--- START ---

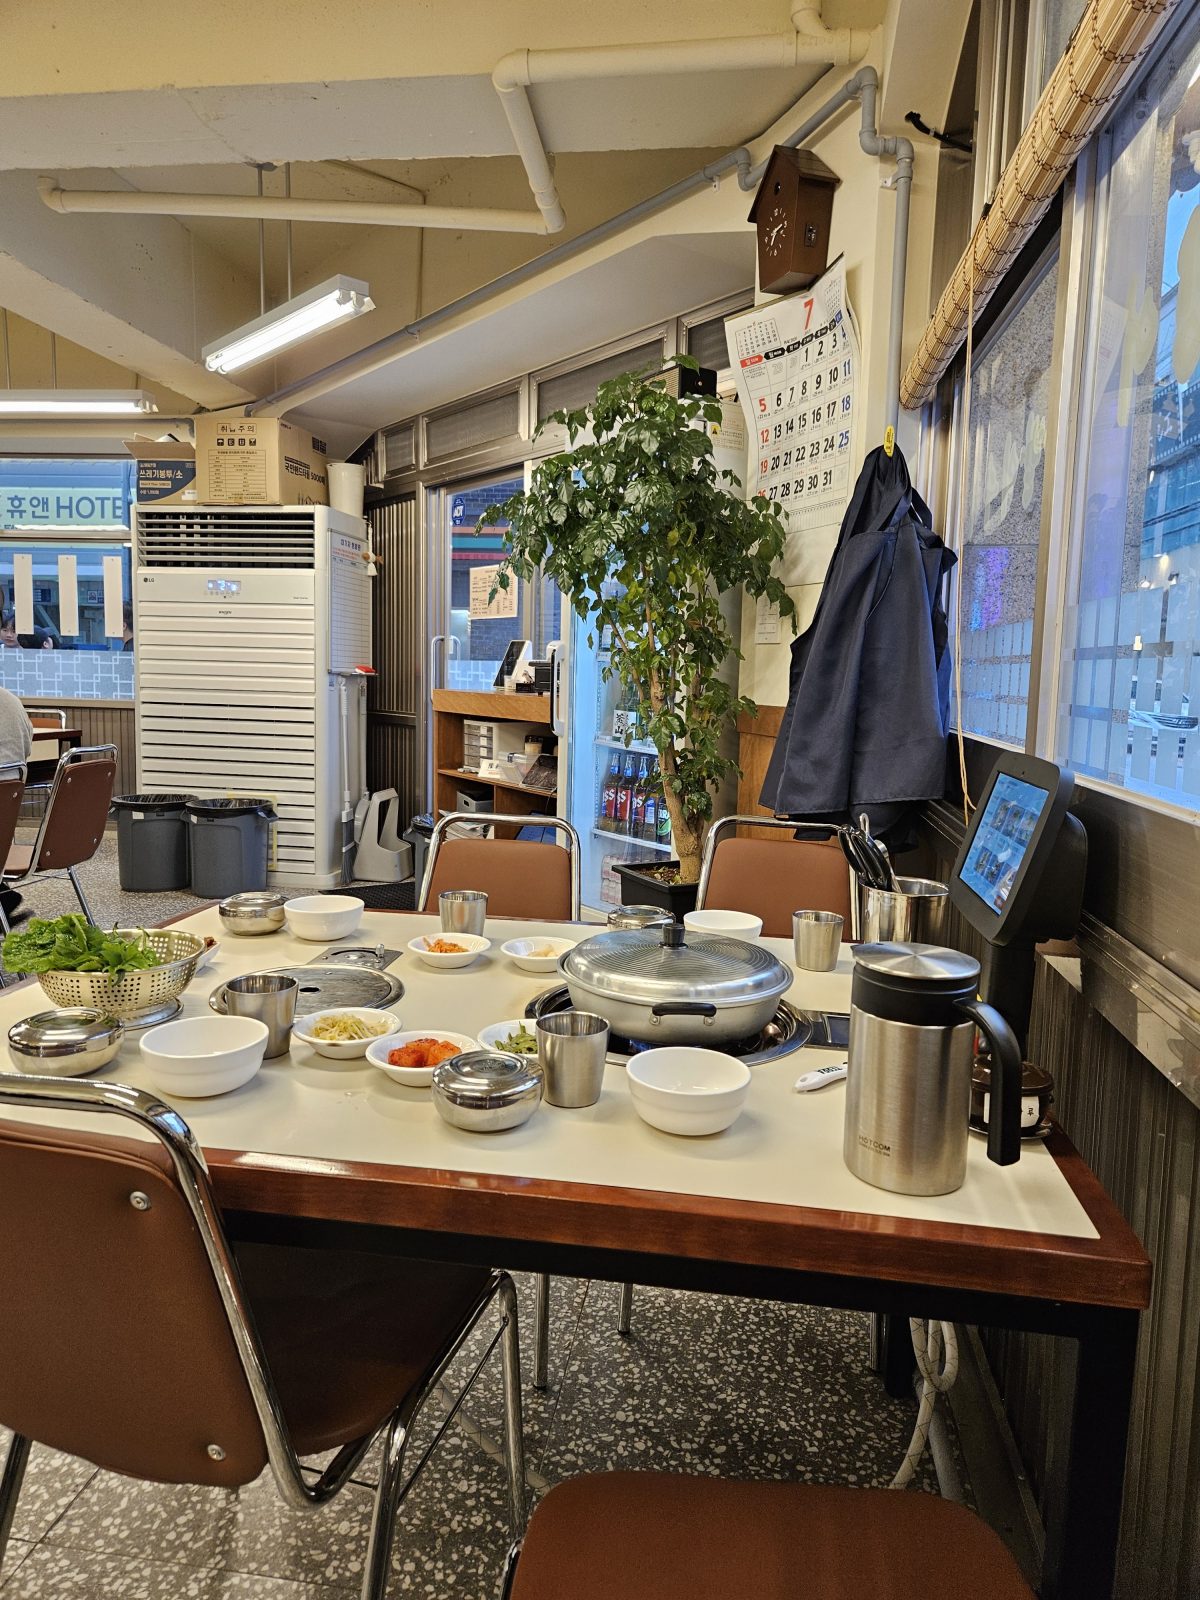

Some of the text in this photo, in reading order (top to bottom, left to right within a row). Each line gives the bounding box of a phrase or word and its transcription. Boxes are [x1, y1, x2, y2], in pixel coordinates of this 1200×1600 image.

[804, 298, 814, 331] 7
[804, 347, 809, 362] 1
[818, 340, 824, 356] 2
[832, 332, 837, 349] 3
[840, 324, 847, 340] 4
[758, 358, 851, 413] 5 6 7 8 9 10 11
[760, 428, 770, 444] 12
[773, 424, 782, 439] 13
[785, 418, 794, 434] 14
[798, 412, 807, 429] 15
[811, 406, 822, 424] 16
[826, 400, 837, 418] 17
[841, 394, 851, 413] 18
[760, 430, 850, 474] 19 20 21 22 23 24 25
[139, 469, 183, 479] 쓰레기봉투/소
[768, 485, 778, 501] 27
[780, 482, 791, 498] 28
[793, 478, 804, 494] 29
[807, 474, 819, 490] 30
[822, 469, 833, 486] 31
[6, 495, 50, 519] 휴앤
[453, 505, 463, 518] ADT
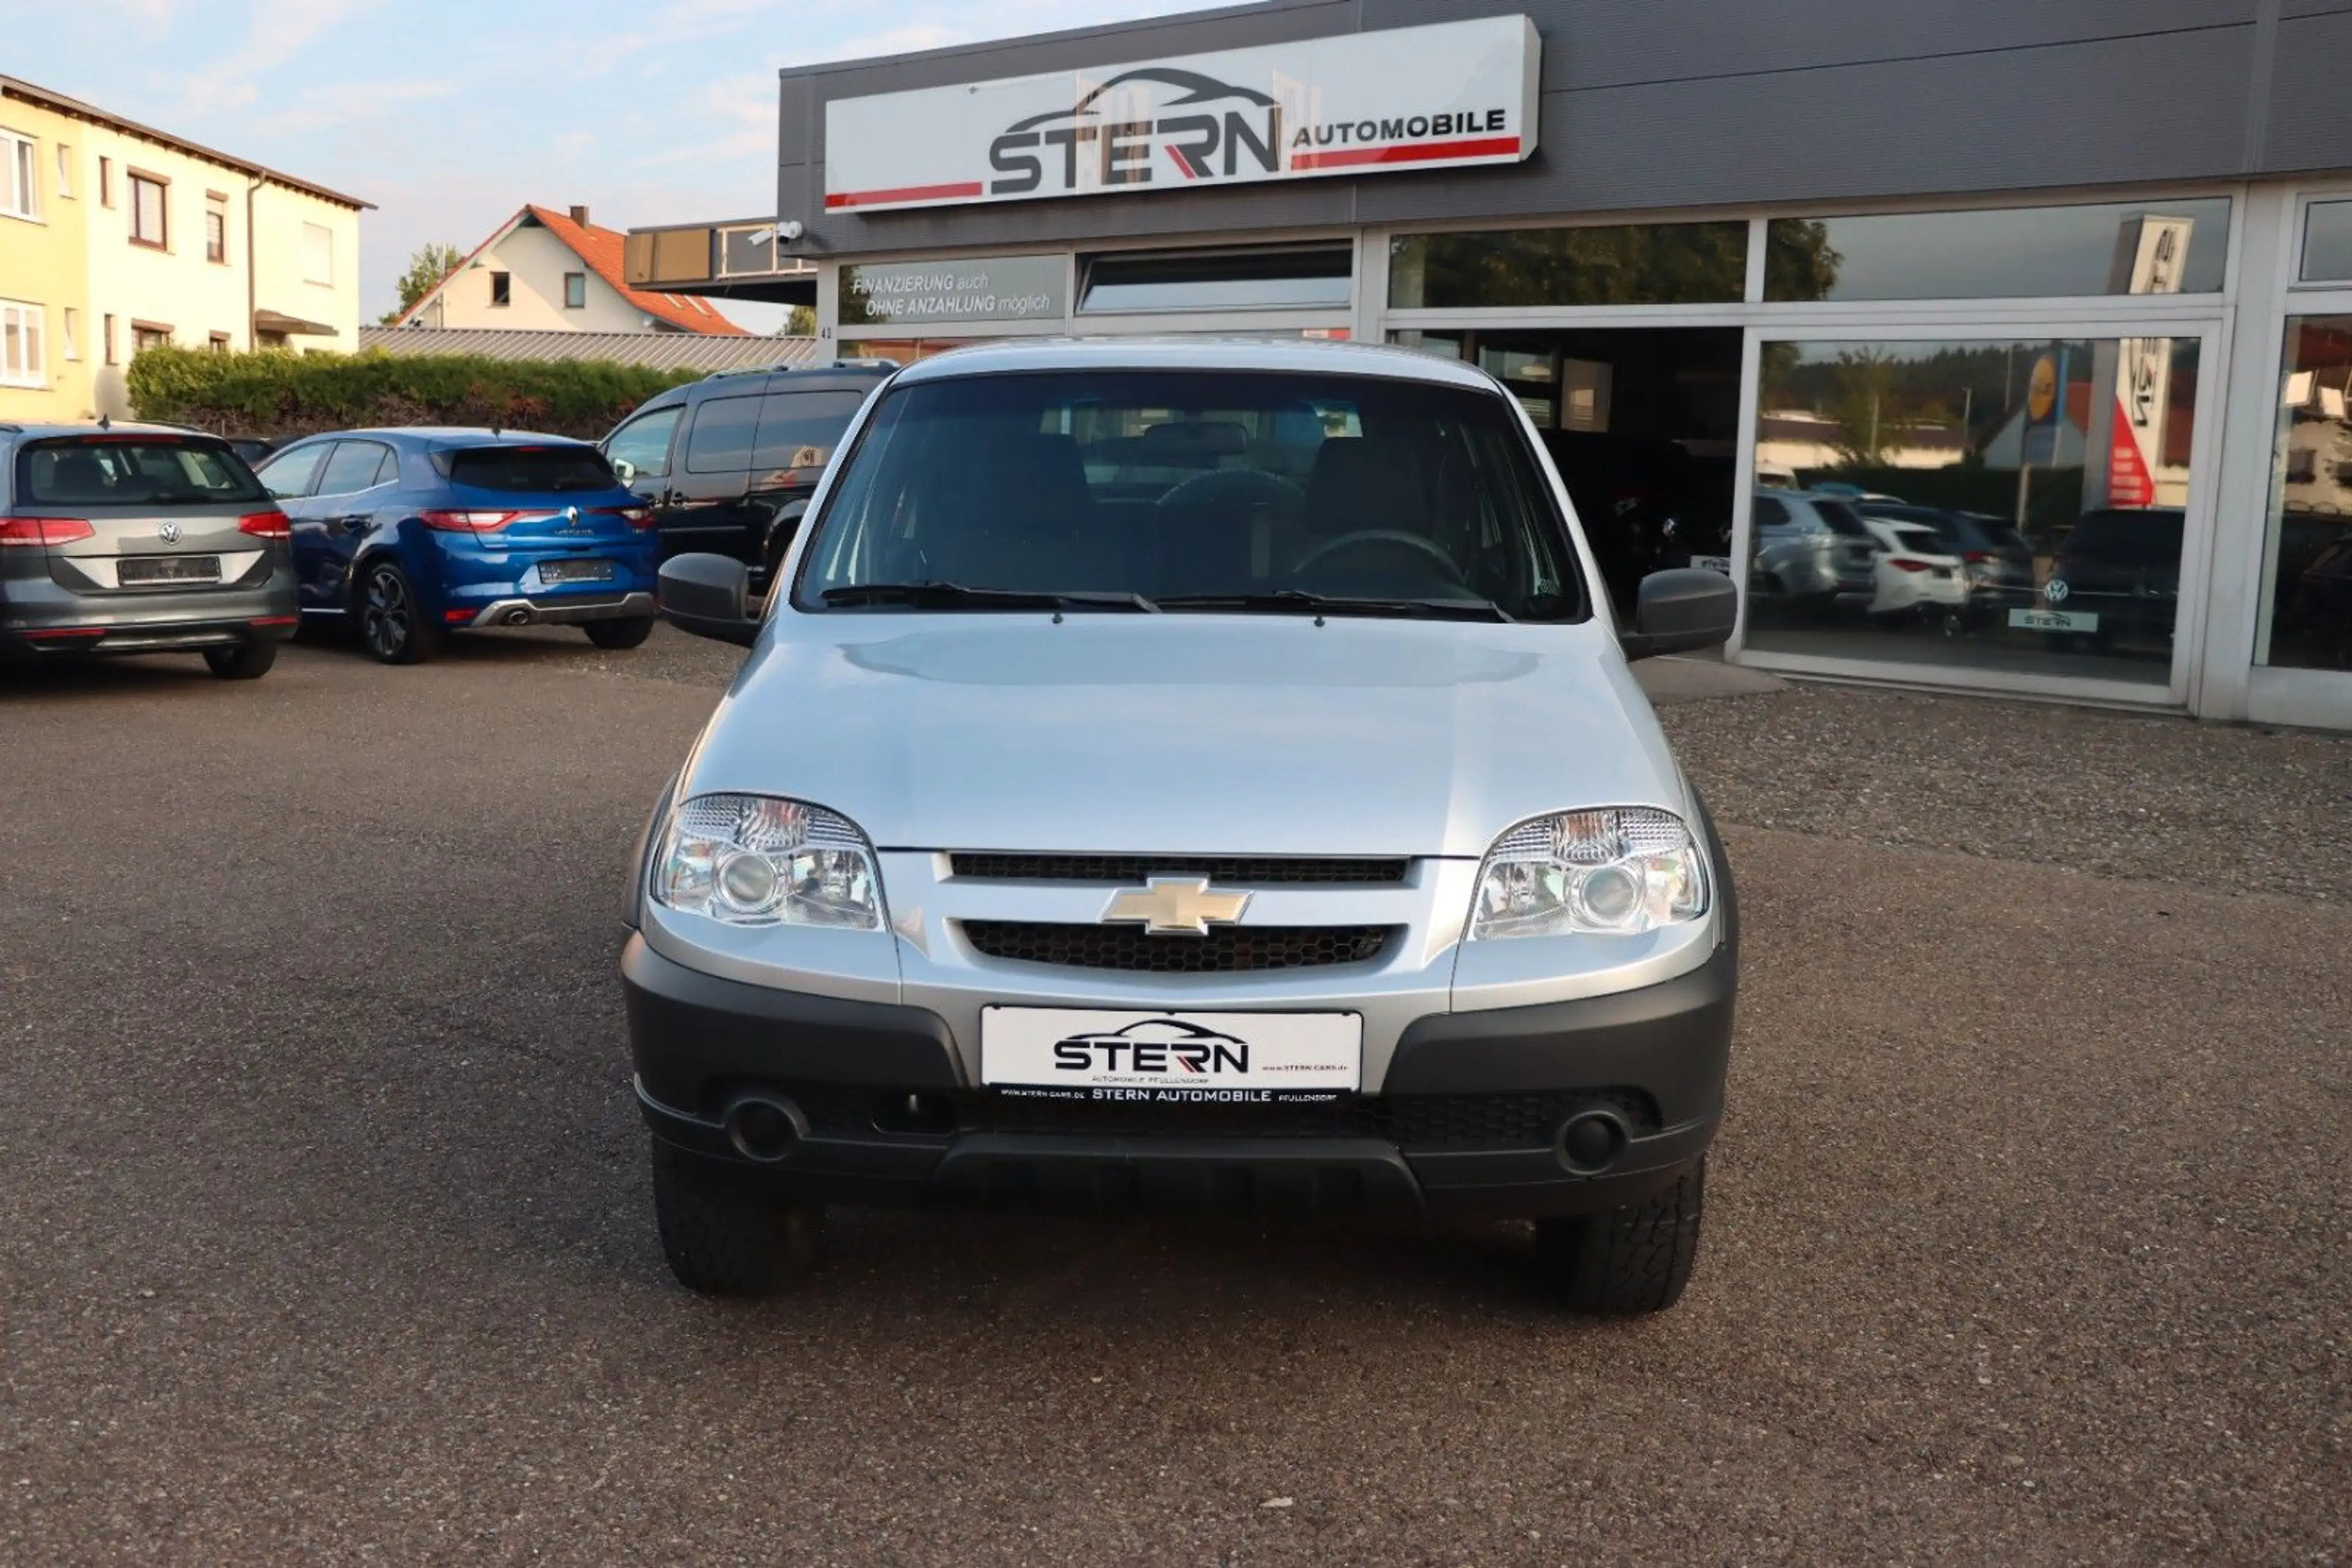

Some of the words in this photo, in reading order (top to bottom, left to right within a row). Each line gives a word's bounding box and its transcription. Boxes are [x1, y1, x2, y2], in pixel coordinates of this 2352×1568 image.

--- END ---

Task goal -
Would you copy every entry exactly as it stands, leaving out the pictures?

Your solution -
Some of the text in this photo, in reading order (top to bottom, left to right within a row). Each line gives the bounding box of a phrase or word and its transcription. Boxes are [x1, y1, x2, y2], in pixel coordinates of this 1200×1600 image.

[804, 298, 814, 331] 7
[804, 347, 809, 362] 1
[818, 340, 824, 356] 2
[832, 332, 837, 349] 3
[840, 324, 847, 340] 4
[758, 358, 851, 413] 5 6 7 8 9 10 11
[760, 428, 770, 444] 12
[773, 424, 782, 439] 13
[785, 418, 794, 434] 14
[798, 412, 807, 429] 15
[811, 406, 822, 424] 16
[826, 400, 837, 418] 17
[841, 394, 851, 413] 18
[760, 430, 850, 474] 19 20 21 22 23 24 25
[139, 469, 183, 479] 쓰레기봉투/소
[768, 485, 778, 501] 27
[780, 482, 791, 498] 28
[793, 478, 804, 494] 29
[807, 474, 819, 490] 30
[822, 469, 833, 486] 31
[6, 495, 50, 519] 휴앤
[453, 505, 463, 518] ADT

Some of the words in this photo, in reading order (top to bottom, left to right within a row). Each line gives a word's bounding box and its transcription. Boxes are [x1, y1, x2, y2], in pixel coordinates of this 2352×1568 image.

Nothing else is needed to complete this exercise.